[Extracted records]
##########

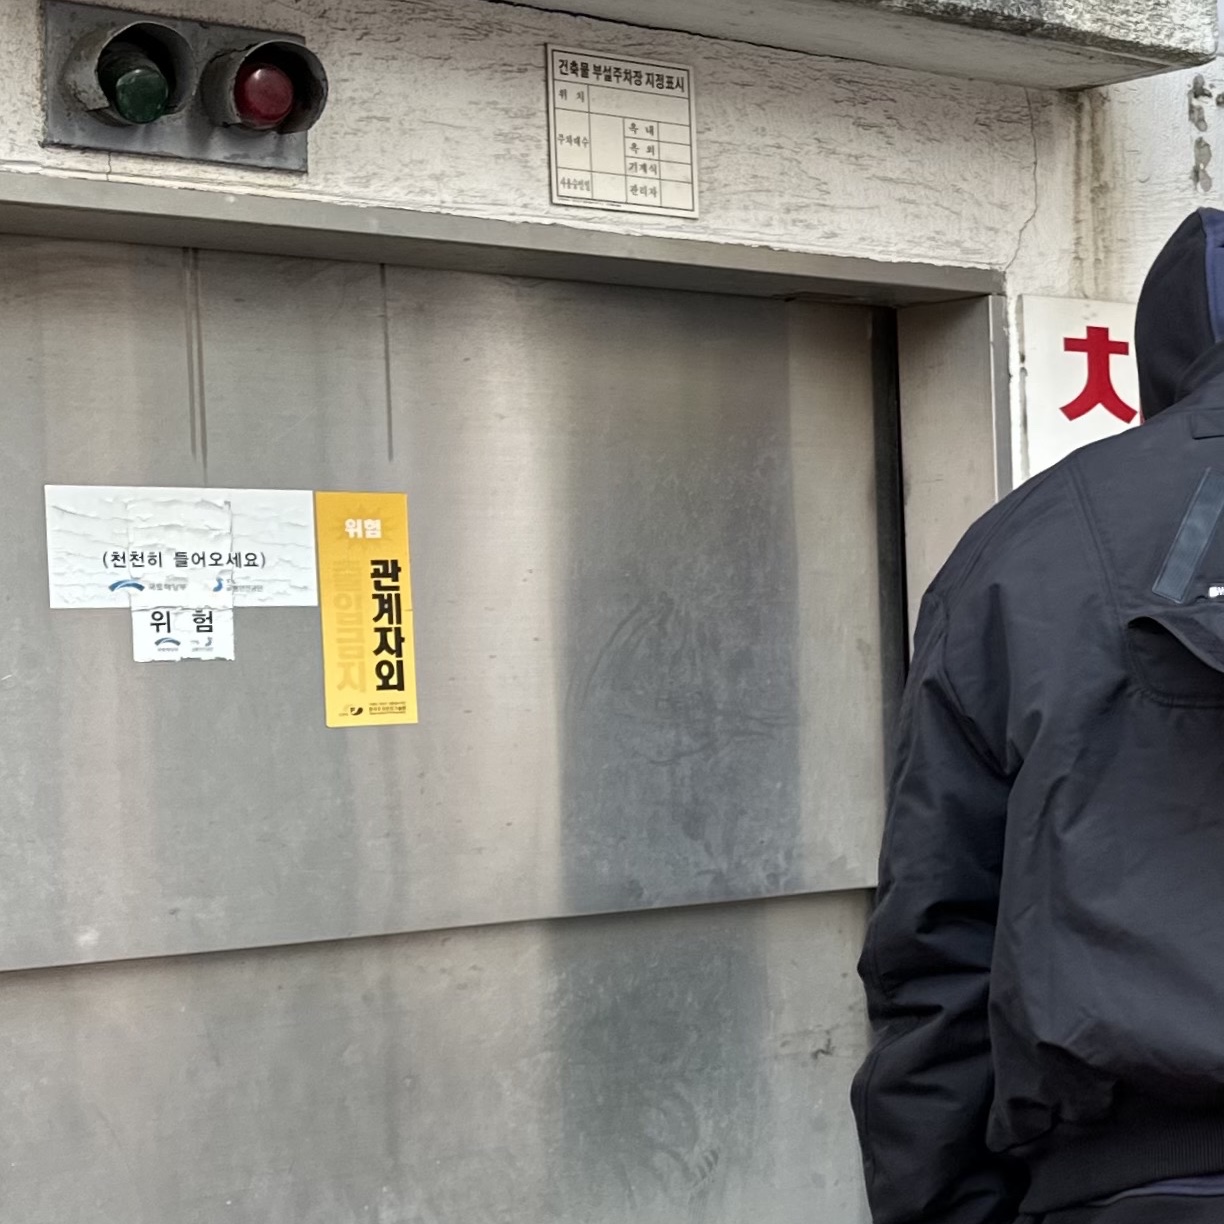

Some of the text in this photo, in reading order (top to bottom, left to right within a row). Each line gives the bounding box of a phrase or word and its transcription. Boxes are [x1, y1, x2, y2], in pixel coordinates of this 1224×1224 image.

[559, 59, 685, 92] 건축물 부설주차장 지정표시
[629, 184, 658, 199] 관리자
[344, 518, 382, 538] 위험
[102, 551, 266, 569] (천천히 들어오세요)
[370, 559, 406, 691] 관계자외

##########

A word-for-word copy of all the data, without pictures, is the expected output.

Result for this task:
Some of the text in this photo, in reading order (top to bottom, left to right within a row). Each line gives the bounding box of a phrase or word and its transcription. Boxes are [x1, y1, x2, y2], in pixel coordinates of this 1224×1224 image.

[559, 59, 685, 92] 건축물 부설주차장 지정표시
[629, 184, 658, 199] 관리자
[344, 518, 382, 538] 위험
[102, 551, 266, 569] (천천히 들어오세요)
[370, 559, 406, 691] 관계자외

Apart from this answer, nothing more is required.